The hope is that these ground-breaking technologies will help take Jaguar from being a car company that sells 75,000 cars a year to more than double that figure in less than 12 months. It is planned that the technology will benefit far more vehicles than the Jaguar XE - with the Ingenium engines set to make their way into a raft of Jaguar and Land Rover products once production at the all-new £500m production plant in Wolverhampton is up and running.
It is also hoped that the technical leadership that Jaguar and Land Rover show in aluminium and engine technology can kick-start launches of other cutting-edge technologies that the company is planning for the longer-term future. Below, we select some of the highlights.
Production of the new Ingenium engine family will begin with a 2.0-litre diesel, which engineers say will be tuneable to deliver economy of more than 70mpg and emissions below 100g/km when the Jaguar XE goes on sale next year.
In addition, it has been confirmed that all Ingenium engines - both petrol and diesel - will get a turbocharger (or sequential turbos), direct injection, stop-start and variable valve timing, in order to chase best-in-class refinement, power and torque, as well as efficiency.
Crucially, each Ingenium engine will launched will also be up to 80kg lighter than its current equivalent, with the weight benefits also contributing to a raft of benefits, from allowing superior economy through to improved handling.

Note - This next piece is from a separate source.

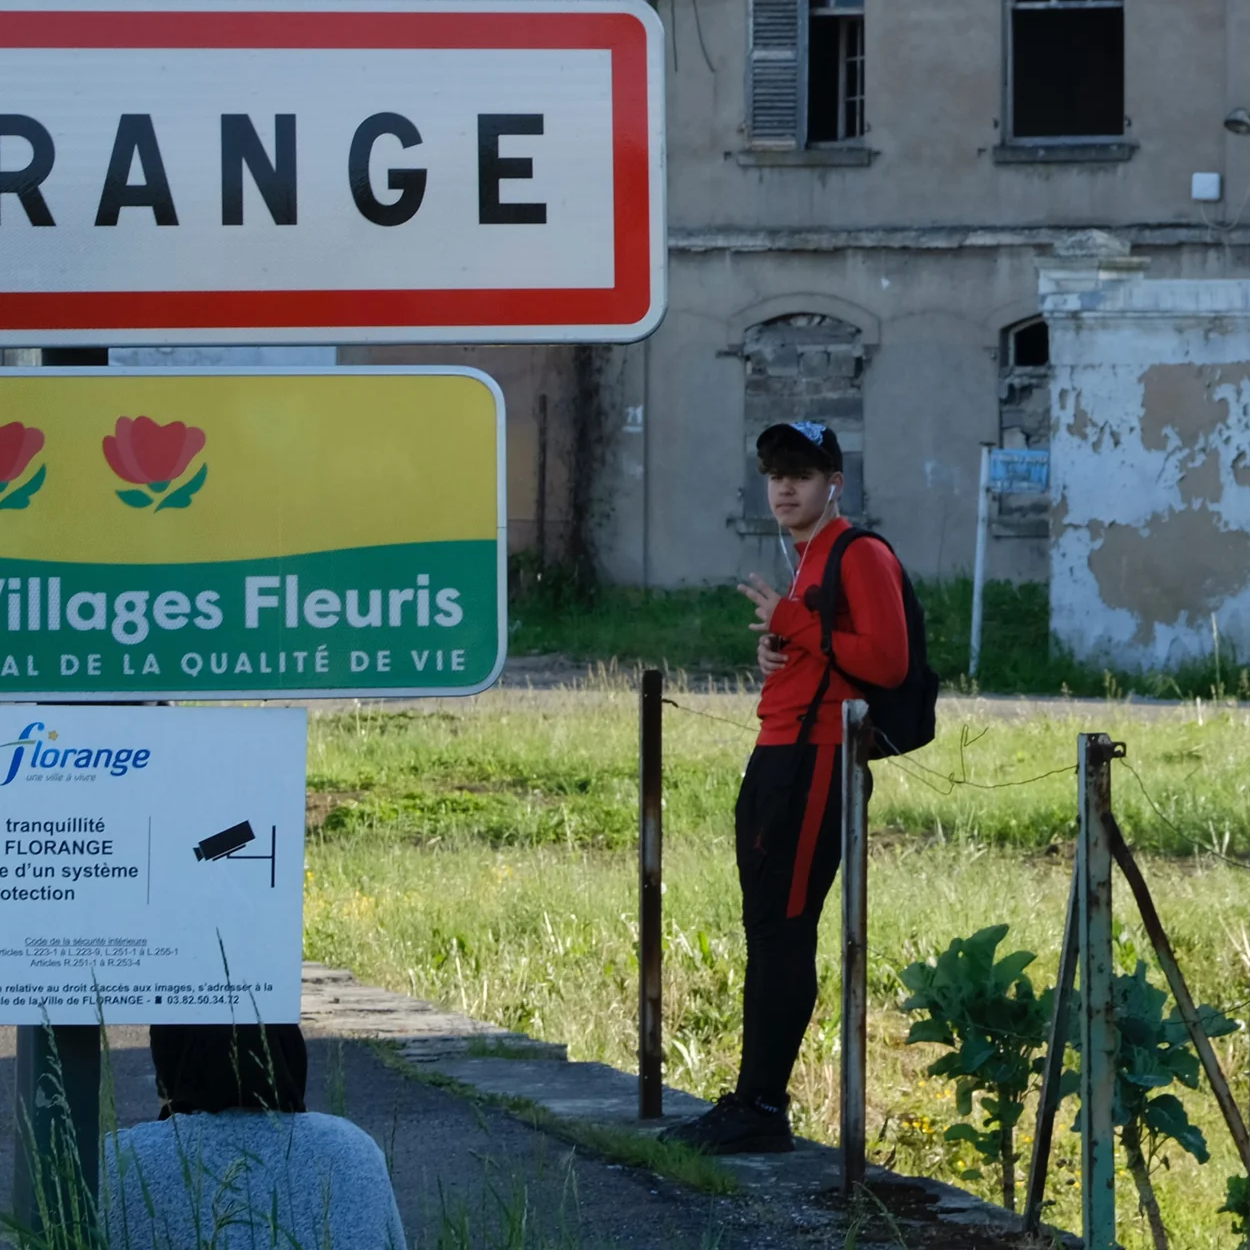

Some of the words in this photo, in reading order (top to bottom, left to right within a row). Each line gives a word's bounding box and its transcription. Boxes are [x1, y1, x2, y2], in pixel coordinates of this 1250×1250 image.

A system has been developed that uses algorithms to learn common driver behaviour and then pre-set prefered options on journeys.
This could include detecting who is driving the car as they get in and setting the steering wheel and seat position, preferred temperature controls and giving traffic information on most commonly taken routes.
It could also link to the driver’s phone, and send reminders, telling them when to leave in order to arrive at a destination on time.
This technology is likely at least three years from production, but allows information such as speeds and navigation data through to ideal racing lines and virtual race cars to be projected on to the windscreen.
At its simplest, this is an extension of current heads-up display technology, which allows a driver to see crucial information without having to take their eyes off the road. At its most extreme, it could be used on a race track to train drivers and help them see where rivals are travelling quicker.
The concept also works in tandem with Land Rover’s invisible bonnet technology, which was showcased earlier this year on the Land Rover Discovery Sport concept. It uses state-of-the-art video equipment to record the terrain ahead, and project what’s under the car’s wheels on to the bonnet so the driver always knows what terrain is under the car’s wheels.
In order to do away with more buttons, and help keep a driver’s eyes on the road, Jaguar Land Rover is experimenting with gesture control as a means of operating certain functions of the car.
The test vehicle they are using has a sensor mounted above the driver’s head, where the controls for a sunroof would traditionally be. Instead of pushing buttons, though, a driver could wave their hand in different directions to open and close the blind or sunroof.
Such technology could be extended to setting directions on the sat-nav, or opening windows, as the company bids to reduce the button count in its cars.
3D instrument clusters
Using cameras in the instrument binnacle or steering column to track a driver’s head and eyes, the software adjusts the image to create a 3D effect in the instrument cluster without the need for the user to wear 3D glasses. The effect raises the possibility of reversing cameras, for instance, showing 3D images that give drivers a greater depth of field in what they see.
Engineers are investigating a multitude of uses for lasers within the next three to five years, from replacing traditional headlight clusters entirely, to measuring water depth before driving in to it, to projecting lines ahead of the car to show its width when negotiating tight spaces, or projecting arrows on to the road surface when a car is indicating to move lanes.